That's very interesting, where did you hear that rumor about Discovery accepting Canon HDV?...

My thoughts were that 1080i was the way to go for nature photography, especially to capture fast-moving subjects...

I was seriously looking at a used Sony HDW-730 HDCAM, and more recently the Ikegami HDL-V90, which is a 1080i DVCPRO camera (now discontinued, but a good deal as used or b-stock).

I was leaning more towards DVCPro HD, as the deck is much less expensive, can be editied through firewire, and would be completely compatible with my G5 and Final Cut, provided that I bought a RAID drive.

However, if Discovery will take Canon HDV, it would make for a much smaller investment in my gear. I also like the fact that Nikon and Canon 35mm SLR lenses can be used with the XLH1. The question just is, when will Canon make a deck? And, will it be compatible with Final Cut?
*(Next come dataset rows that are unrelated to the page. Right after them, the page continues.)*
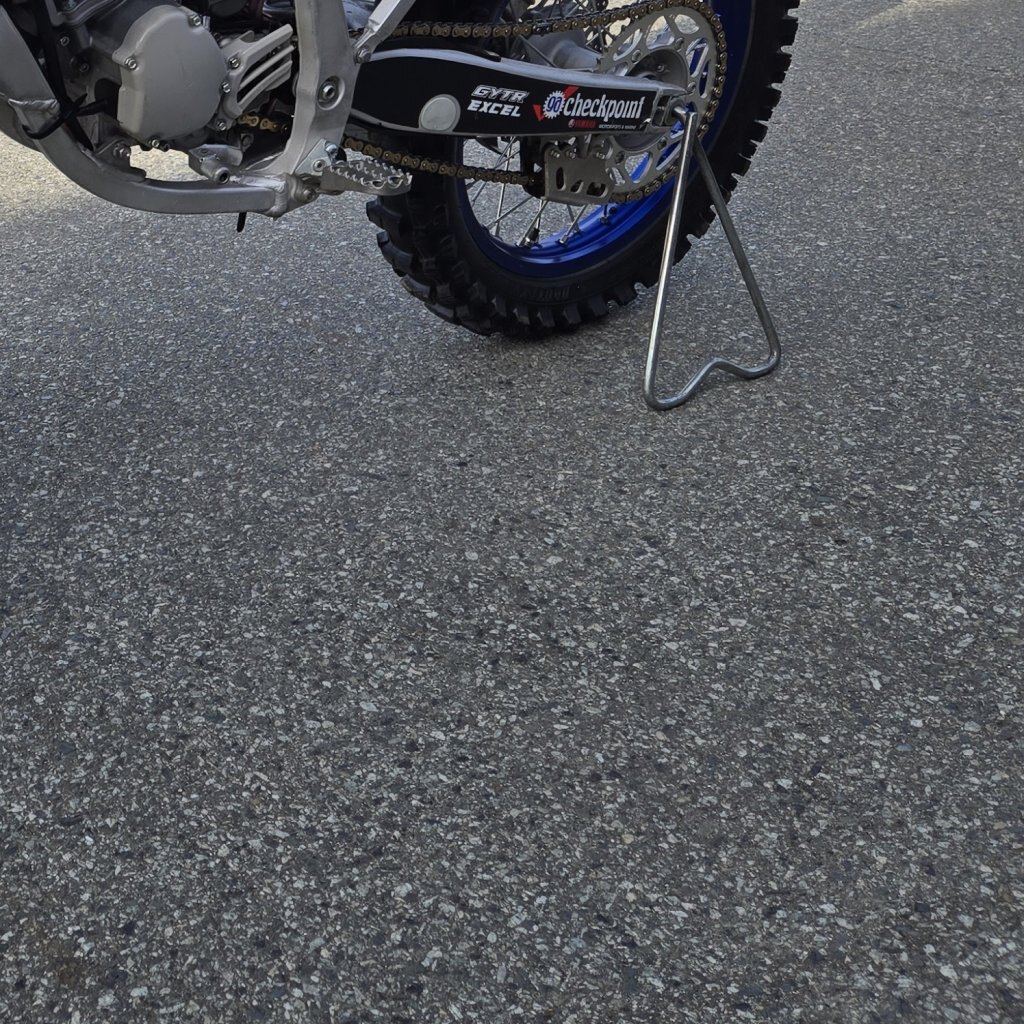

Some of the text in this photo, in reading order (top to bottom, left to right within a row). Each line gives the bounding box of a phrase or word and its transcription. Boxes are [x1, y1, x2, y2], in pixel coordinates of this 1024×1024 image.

[471, 84, 528, 104] GYTR
[467, 99, 522, 118] EXCEL
[563, 92, 646, 123] checkpoint
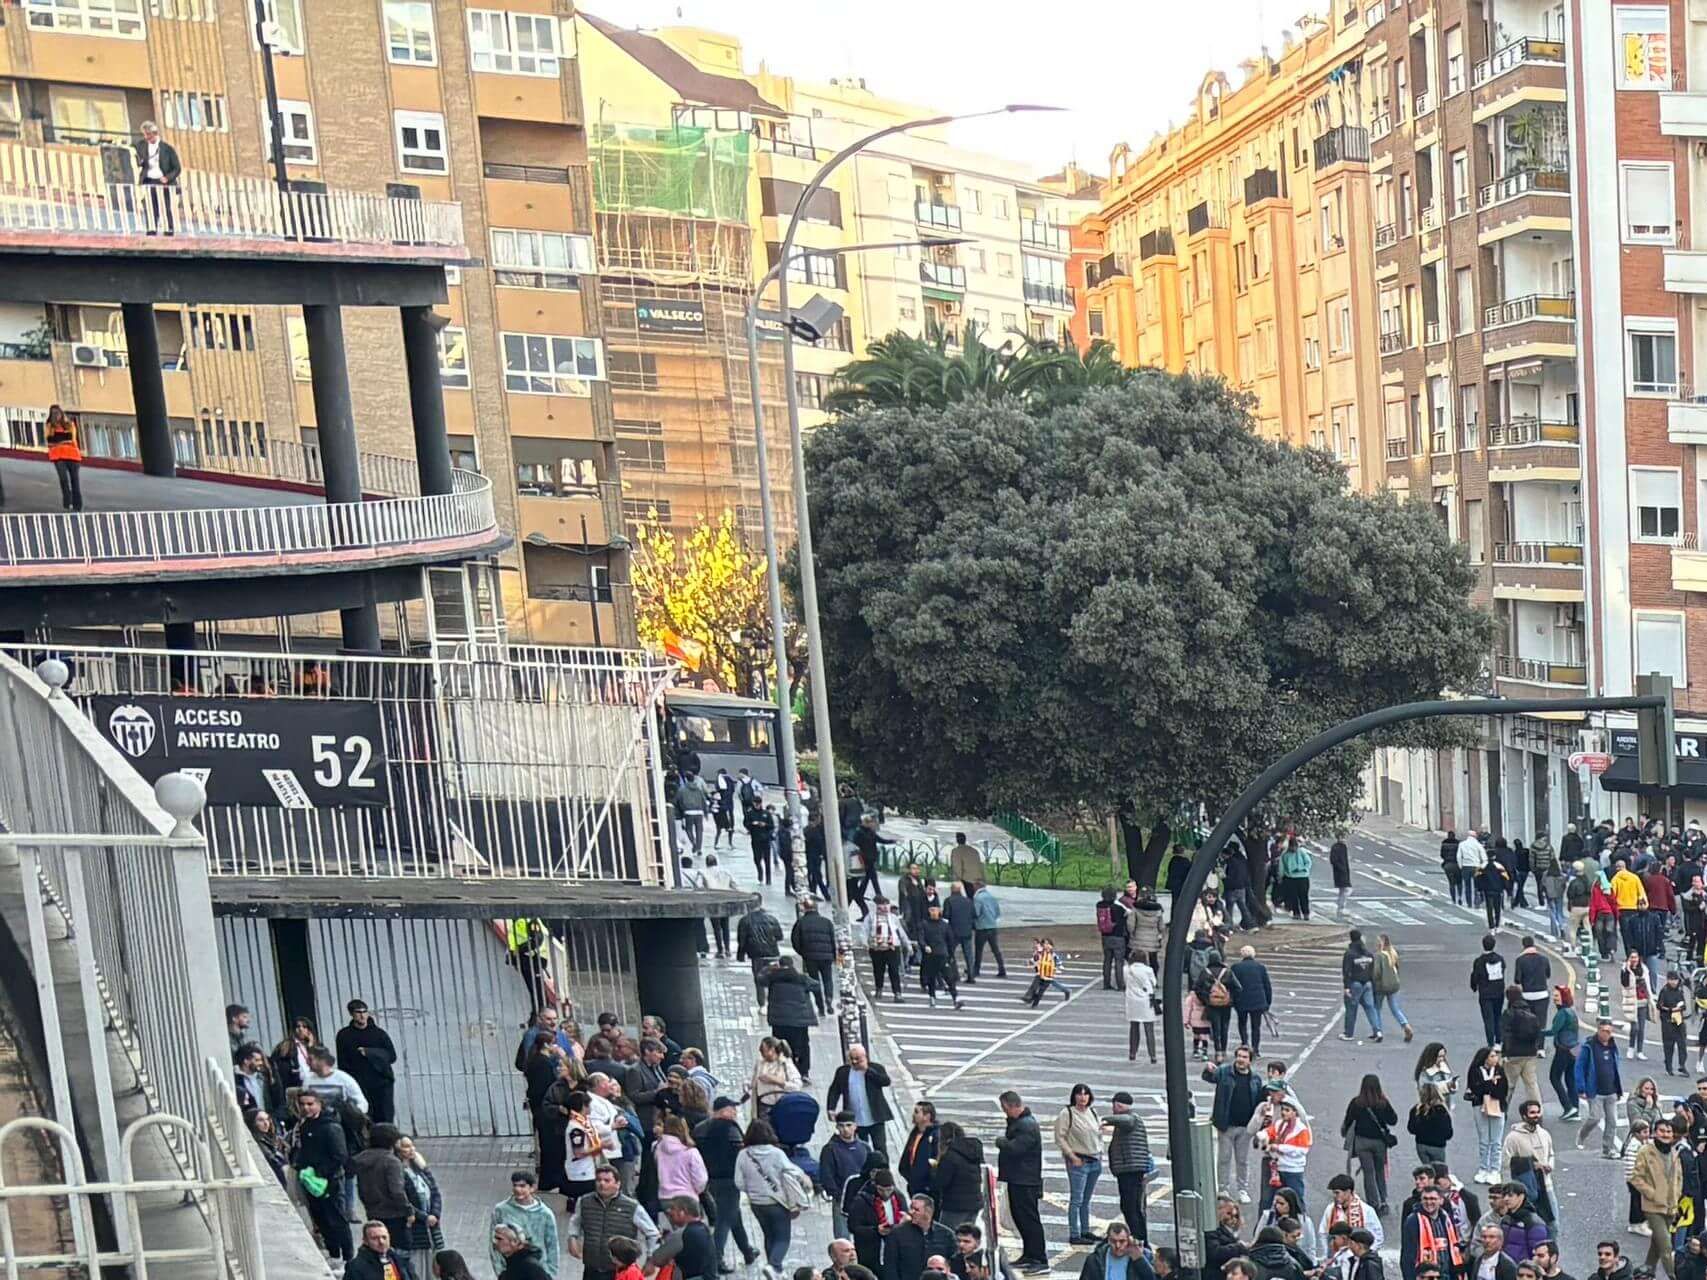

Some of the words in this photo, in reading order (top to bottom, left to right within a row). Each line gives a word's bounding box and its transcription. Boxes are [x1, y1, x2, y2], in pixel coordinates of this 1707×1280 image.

[650, 308, 704, 322] VALSECO
[174, 708, 243, 728] ACCESO
[176, 731, 281, 751] ANFITEATRO
[313, 736, 376, 788] 52
I have a Z1U HDV camera, but quite frankly, i'd rather still use my Sony D35 2/3" camera with a BetaSP or DVCAM back, shooting with a Fujinon 16X broadcast lens w/extender rather than the Z1U for nature photography simply because of the bigger chips and shallower depth of field. My point is, i'd rather have a camera with removable lenses, and the capability of long focal lengths, not the 12X that the Z1U has.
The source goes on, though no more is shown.